As The Wildhearts were setting ourselves up to copy all my favourite bands, I couldn’t help but feel a sense of nostalgia that made the rehearsal room smell mouldy. I liked what I liked, but the magazines and TV of the time had a different take on what was seemingly important. Guns N’ Roses were undoubtedly the best of the bunch, but when that bunch was lead by rock behemoths Bon Jovi, it wouldn’t have taken Axl and Slash much to kill the opposition. GN’R obliterated all the rock music around at the time – and it was an unfair fight.Then Nirvana came along and everything changed. There aren’t many times when you can say that and it be genuinely true.
They had contempt for industry norms, they wrote songs that sounded like Cheap Trick played by Mudhoney and they sounded impossibly good. So much so that every single person in the world agreed, and they got as big as The Beatles.
Sitting around and watching this happen seemed like seeing a real life zombie apocalypse affect the world within weeks. Everyone was powerless. The perfect band had come along, and they kind of sucked. Which made them beyond perfect, it made them human.
The biggest band in the world sounded ropey and appeared to have a conscience and a sense of humour. The world doesn’t get much more perfect than that.
Nirvana’s 1991 album, ‘Nevermind’ and right, Kurt Cobain (Photo: Frans Schellekens/Redferns)
1993⁄1997: THE WILDHEARTS
How could I list my favourite times in music and miss out the band that I had more incredible experiences than anyone has a right to?We started out wanting to be the ultimate ‘fuck you’ to the industry, and went on to do exactly that. We did such a good job at it, in fact, that we destroyed any chances of achieving any mainstream success, but that was all part of my manifesto. I wouldn’t budge for the world, and the less flexible I became the more it infuriated the industry. I fucking loved it!

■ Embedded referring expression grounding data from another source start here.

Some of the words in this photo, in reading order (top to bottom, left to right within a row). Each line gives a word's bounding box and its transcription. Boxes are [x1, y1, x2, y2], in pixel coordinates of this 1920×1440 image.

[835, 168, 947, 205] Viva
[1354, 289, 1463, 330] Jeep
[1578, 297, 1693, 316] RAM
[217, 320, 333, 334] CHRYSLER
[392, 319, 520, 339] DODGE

People say we were underachievers, but I respond by saying if anyone else acted the way we did you just wouldn’t have heard from them. The only reason they industry couldn’t keep us down or shut us up was the songs. We backed up our militant stance with great tunes, and the fact that I stood my ground is the reason why I still have an audience today.

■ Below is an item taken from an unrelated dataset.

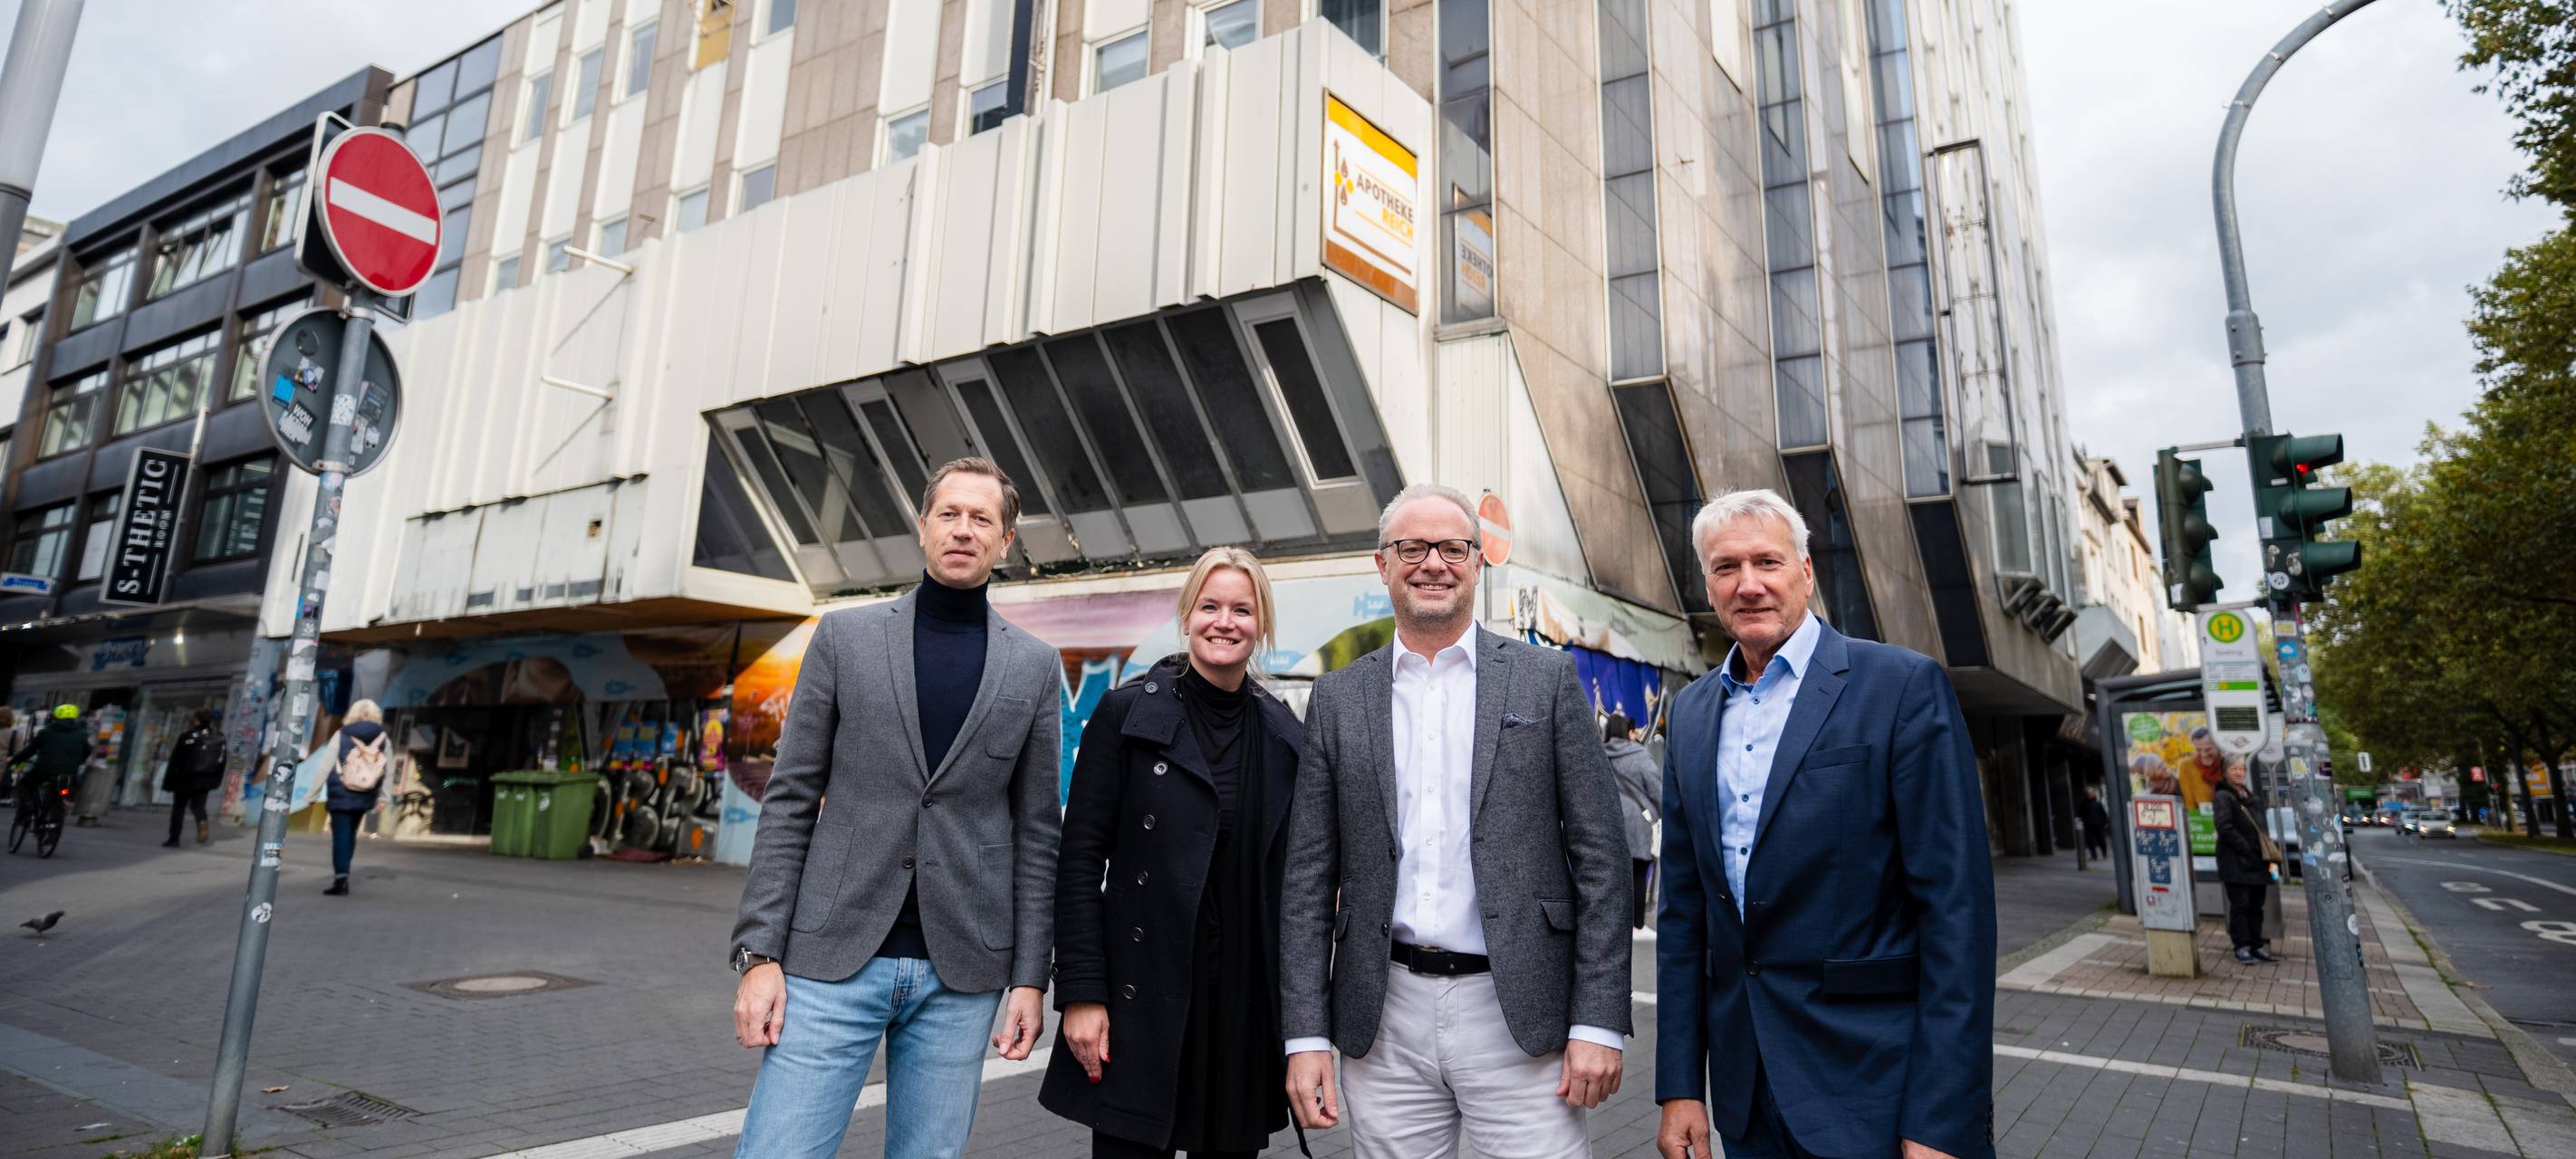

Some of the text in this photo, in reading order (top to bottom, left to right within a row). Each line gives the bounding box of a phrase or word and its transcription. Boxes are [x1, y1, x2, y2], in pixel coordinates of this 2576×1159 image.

[1357, 173, 1413, 224] APOTHEKE
[1381, 206, 1413, 240] REICH
[117, 459, 168, 594] S-THETIC
[154, 510, 172, 548] ROOM

If you want to make a living at being anti-establishment then you’d better have a lot more than just a loud mouth. I’m the most successful underachiever in the world – and believe me, that takes some doing.

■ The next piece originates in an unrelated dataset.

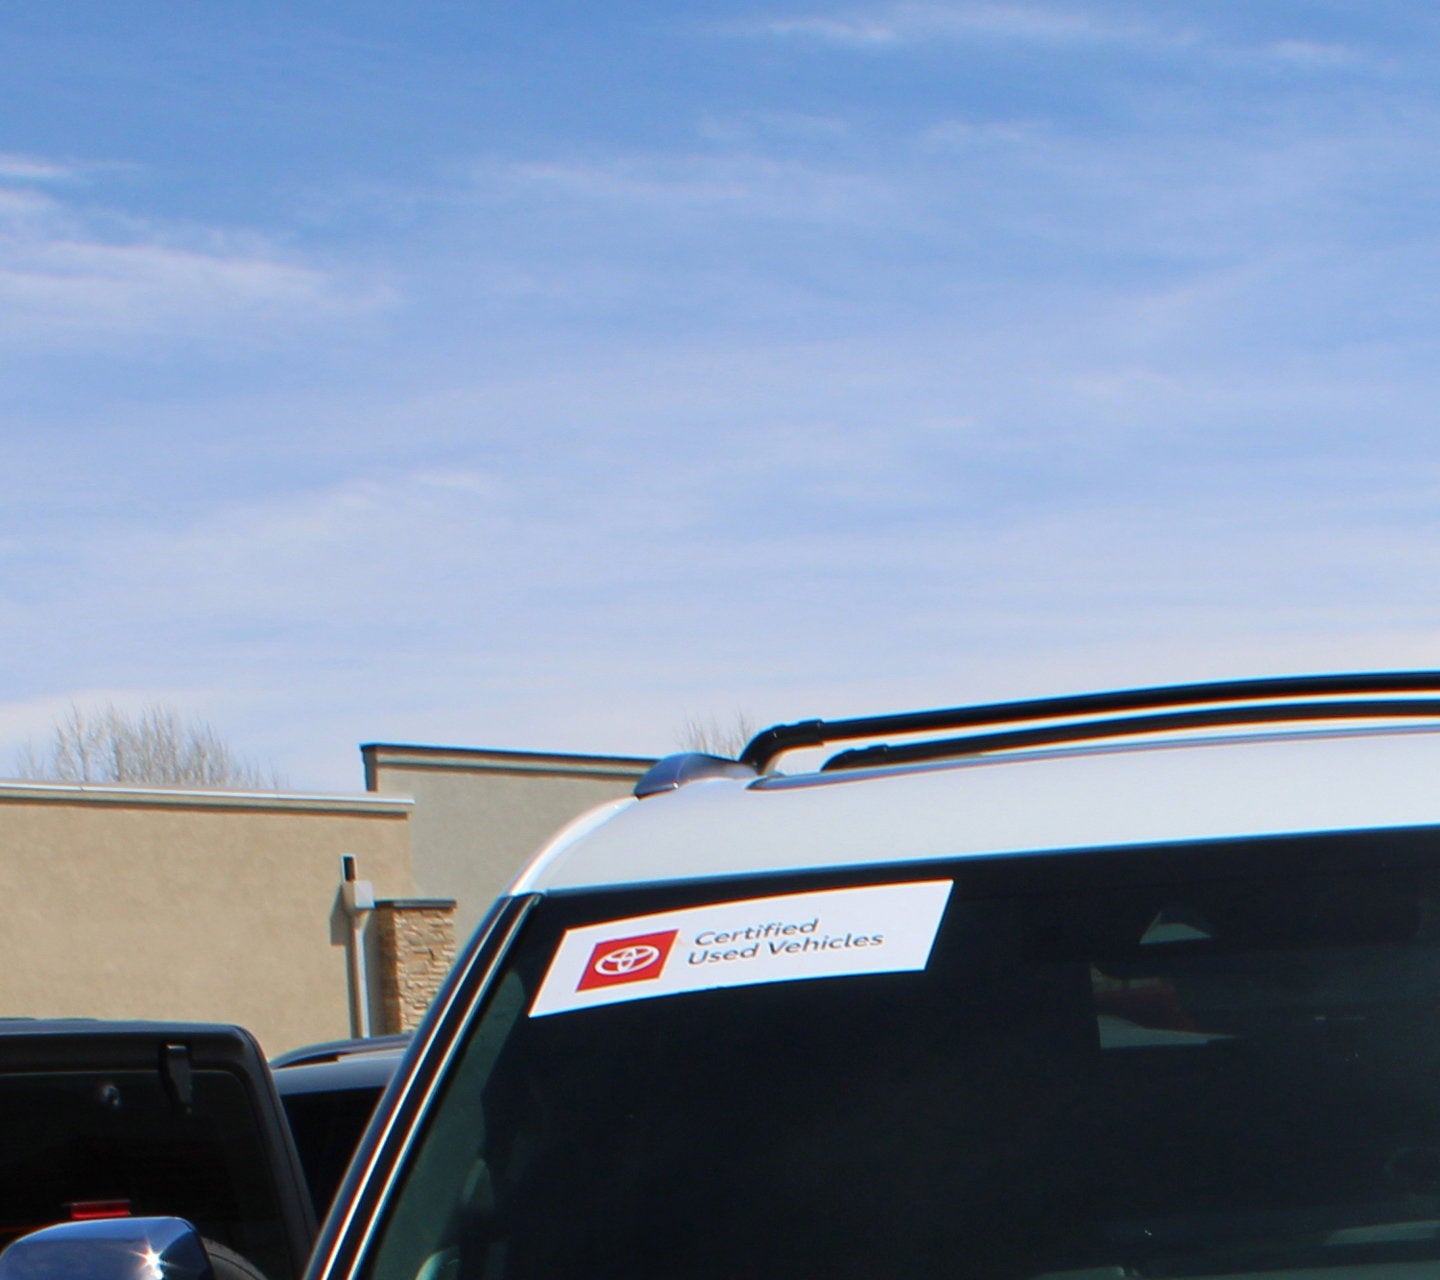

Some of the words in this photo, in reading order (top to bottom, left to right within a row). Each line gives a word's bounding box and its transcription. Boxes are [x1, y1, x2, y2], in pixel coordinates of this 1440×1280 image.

[695, 918, 819, 946] Certified
[688, 943, 760, 965] Used
[768, 933, 884, 956] Vehicles

The state that music is in at the moment makes it potentially the most exciting it has ever been. The artist has the opportunity to be entirely in control, and that power will either be warranted by great imaginations or be crushed by greedy bastards who used to blame their shitty attitude on labels and management. There’s no-one to blame now. I hope that the absence of commercial radio and music TV will usher in some great approaches to noisy, anti-commercial music, while more melodic music will explore arrangements outside of the traditional single-length radio pleaser formula.
Young musicians and new bands need to self-educate, which is surprisingly easy when your own interests are the basis behind your thirst for knowledge.
Bands also need to start keeping things in-house. Stop paying managers, stop paying labels and start gaining a following from the ground up, by hard work and sheer determination. That’ll separate the wheat from the bollocks for a start.
Stop paying outside help, give your mates and family jobs instead. Work hard. Treat people right and be thankful for every single person who likes your music. I truly believe that everyone can make a living doing this. I also believe that it ain’t going to come easy for anyone, not if they want to keep on doing it.
Self-sufficiency, survival techniques and a DIY approach are going to save your bacon and allow you to continue making music without the threat of corporate negligence and redundancy – and you’ll keep the rights to your music for the first time ever.
If anyone says it’s hard for bands these days, throw a fucking drink at them. Preferably a hot one.